REQUIRED ACTION:
Only the pictures are to be dropped, and the rest of the data should be copied exactly.

RECORDED INFORMATION:
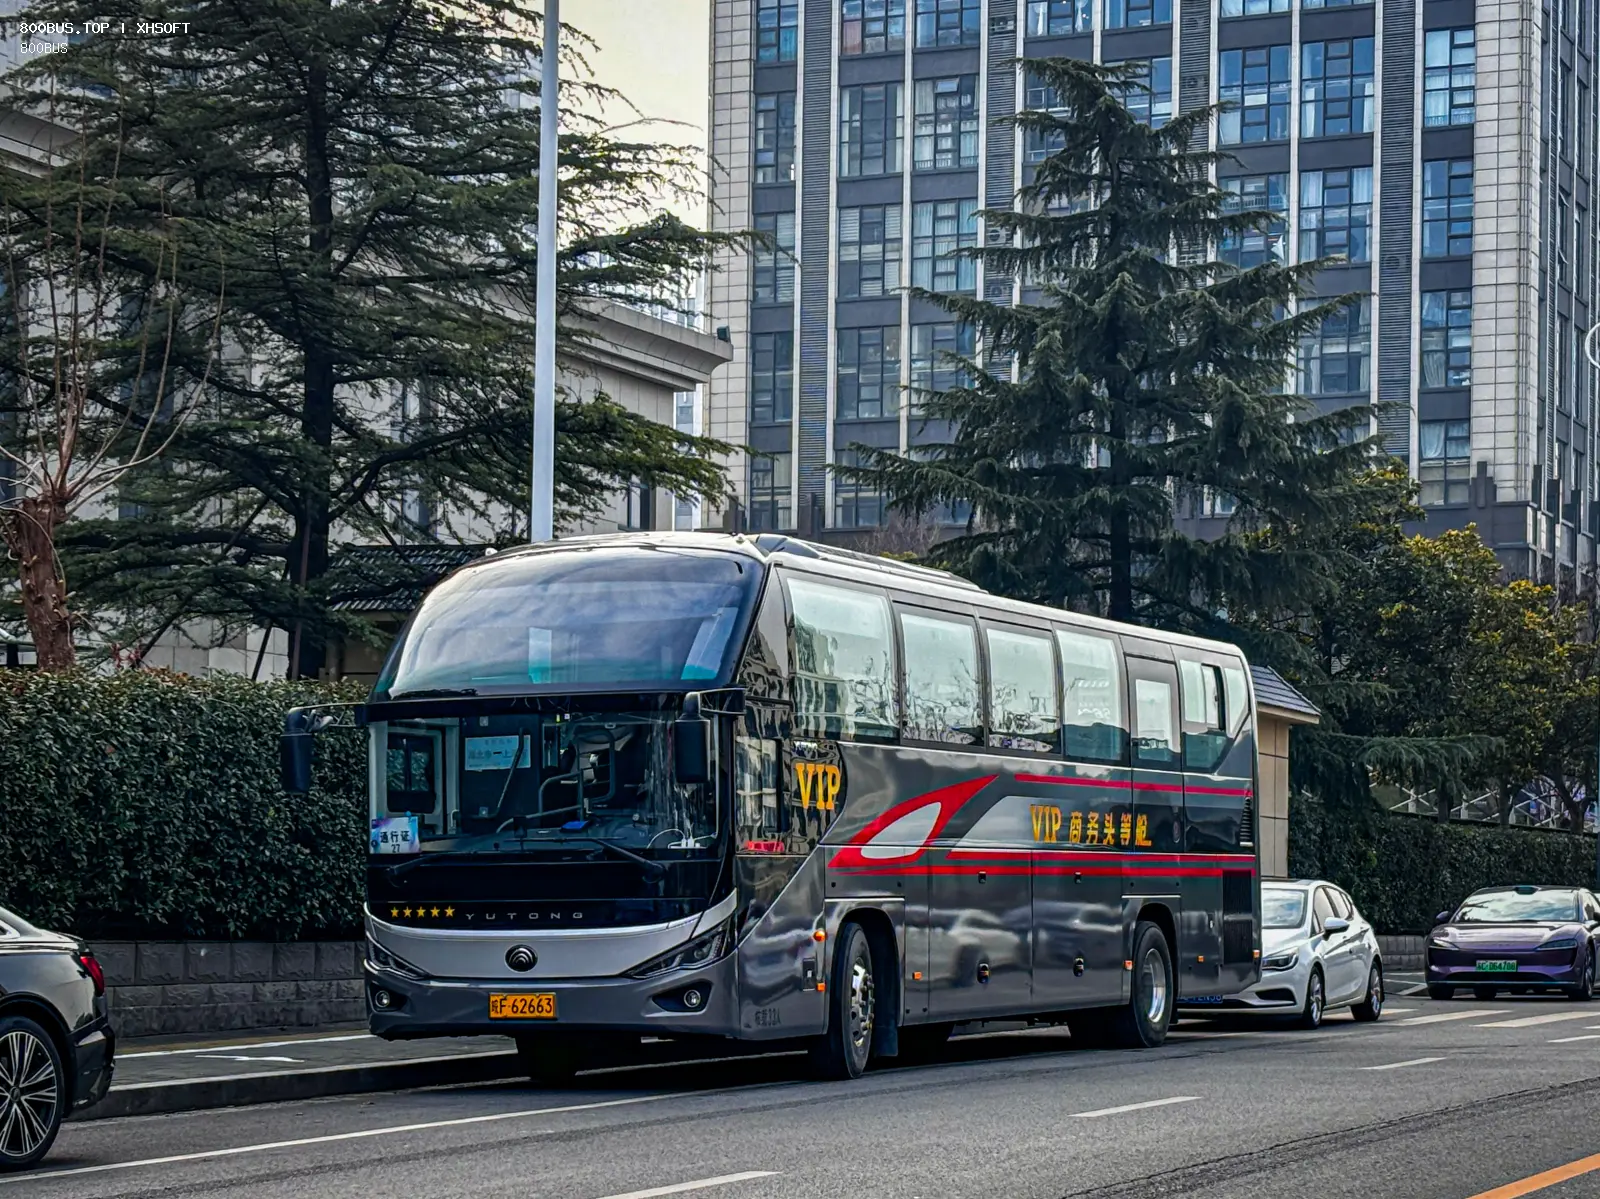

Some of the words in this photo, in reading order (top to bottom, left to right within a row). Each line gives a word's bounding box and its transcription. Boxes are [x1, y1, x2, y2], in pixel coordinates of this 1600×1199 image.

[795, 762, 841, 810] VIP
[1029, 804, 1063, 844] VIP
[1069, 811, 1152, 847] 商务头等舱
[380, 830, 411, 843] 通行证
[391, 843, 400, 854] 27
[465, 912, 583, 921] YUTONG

EXERCISE RESPONSE:
Some of the words in this photo, in reading order (top to bottom, left to right within a row). Each line gives a word's bounding box and its transcription. Boxes are [x1, y1, x2, y2], in pixel coordinates of this 1600×1199 image.

[795, 762, 841, 810] VIP
[1029, 804, 1063, 844] VIP
[1069, 811, 1152, 847] 商务头等舱
[380, 830, 411, 843] 通行证
[391, 843, 400, 854] 27
[465, 912, 583, 921] YUTONG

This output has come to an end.